Saya merasa sangat beruntung memiliki “ibu-ibu” yang berbeda dan wanita-wanita bersemangat yang bisa saya jadikan sandaran sepanjang hidup saya. Saya yakin kepribadian, ambisi, keunikan, dan etos kerja saya dapat dikaitkan dengan masing-masing hal dengan cara yang berbeda.

Dibesarkan oleh 3 wanita membuatku menjadi seperti sekarang ini

Bagian belakang kepala tiga wanita saat mereka duduk di sofa dan menatap ke depan.

Saya memuji kepribadian dan etos kerja saya kepada ibu dan saudara perempuan saya (tidak digambarkan). Westend61/Getty Images/Westend61

Otoritas dalam rumah tangga kami tidak berfungsi seperti dinamika orangtua-anak dan lebih seperti hierarki saudara kandung. Kami memiliki apa yang saya sebut “Sistem Tiga Pukulan”: Jika Annmarie bilang saya tidak bisa menginap di rumah teman, saya akan bertanya pada Teresa.

Jika itu tidak berhasil, Louise adalah pilihan terakhirku—dan dia hampir selalu berada di sisiku, memastikan pertarungan tidak pernah terjadi dua lawan dua. Saya berbohong jika saya mengatakan saya tidak menggunakan ini untuk keuntungan saya dari waktu ke waktu.

Emosi sering kali memuncak dalam rumah tangga saya, dibentuk oleh ketegangan persaudaraan yang sudah ada jauh sebelum saya muncul. Meskipun tidak pernah ada pertengkaran mengenai cara membesarkan saya – karena bibi saya selalu tunduk pada ibu saya – konflik masih sering terjadi.

Apakah Annmarie menyukai rumah itu dengan cara tertentu? Ya. Apakah Louise merasa kesal saat Teresa tidak memenuhi standarnya? Sangat. Perselisihan tidak bisa dihindari, tetapi dengan cinta yang sengit muncullah perselisihan yang sengit.

Sebagai orang dewasa, saya memperhatikan keadaan saya dibesarkan secara berbeda dari teman-teman saya. Saya selalu diajak bicara seperti orang dewasa dan sebaliknya (itulah sebabnya saya selalu memanggil ibu saya “Teresa” daripada “Ibu”, yang mengejutkan sebagian orang).
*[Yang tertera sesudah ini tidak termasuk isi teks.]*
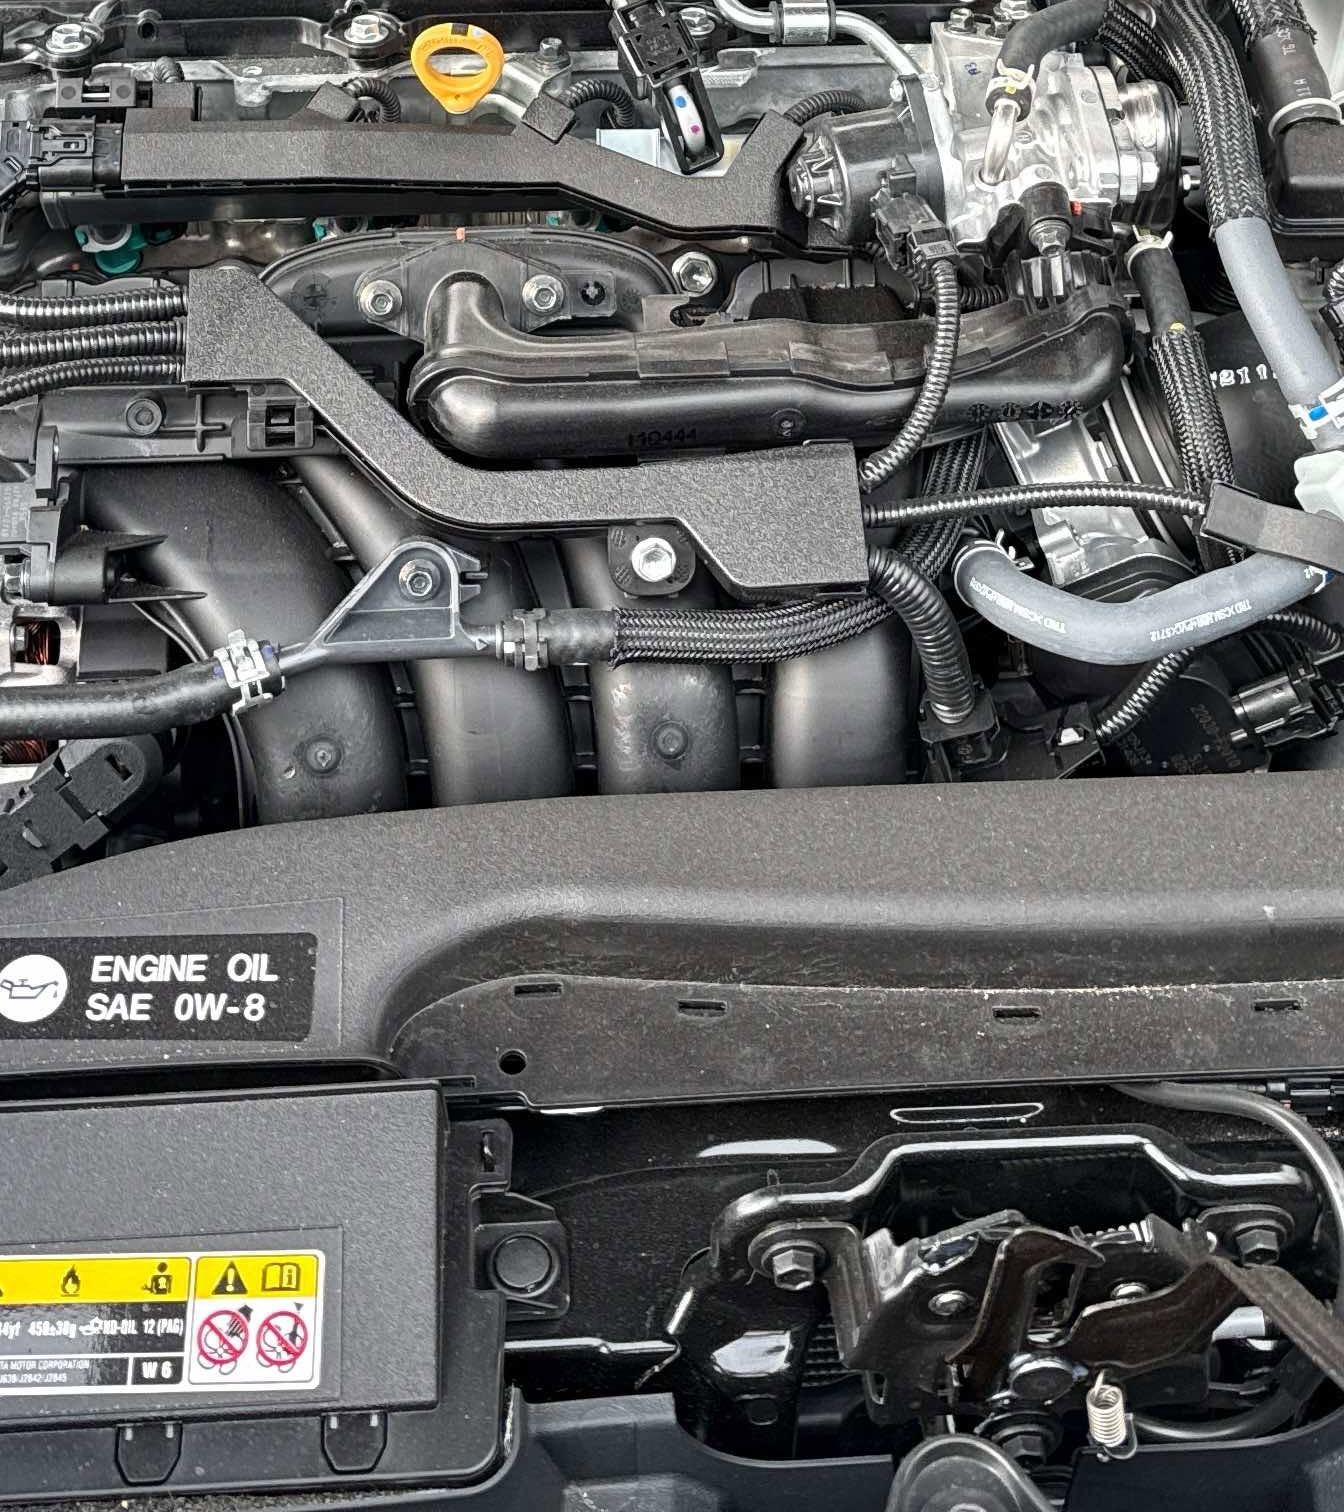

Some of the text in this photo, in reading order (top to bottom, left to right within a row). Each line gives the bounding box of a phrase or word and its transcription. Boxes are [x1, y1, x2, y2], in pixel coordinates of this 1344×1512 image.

[91, 952, 278, 982] ENGINE OIL
[85, 992, 265, 1021] SAE 0W-8
[143, 1319, 155, 1335] 12
[157, 1318, 184, 1336] (PAG)
[10, 1360, 36, 1370] MOTOR
[38, 1359, 90, 1370] CORPORATION
[142, 1361, 172, 1379] W 6
Saya juga bertindak sebagai wasit emosional antara “ibu-ibu” saya, yang menerjemahkan ibu-ibu saya bahasa cinta atau penyesalan. “Bukan itu maksudnya,” aku bersikeras.

“Dia terluka, bukan marah,” kataku pada yang lain, melunakkan sudut pandang yang tajam dan mengulangi permintaan maaf sebelum mereka sempat melakukan kesalahan. Saya belajar sejak awal bahwa cinta tidak selalu diucapkan dalam bahasa yang sama, dan terkadang membutuhkan pihak ketiga.

Masa kecil saya membentuk naluri saya untuk membaca ruangan, memberi ruang, dan terhubung dengan orang lain dengan cepat. Itu sebabnya aku menjaga persahabatanku tetap dekat dan lingkaran pertemananku tetap luas, mengapa orang asing jarang menjadi orang asing dalam waktu lama.

Lebih dari segalanya, aku bersyukur atas milikku pendidikan non-tradisional — meskipun batasannya agak longgar — karena hal itu mengajari saya cara tampil di hadapan orang lain.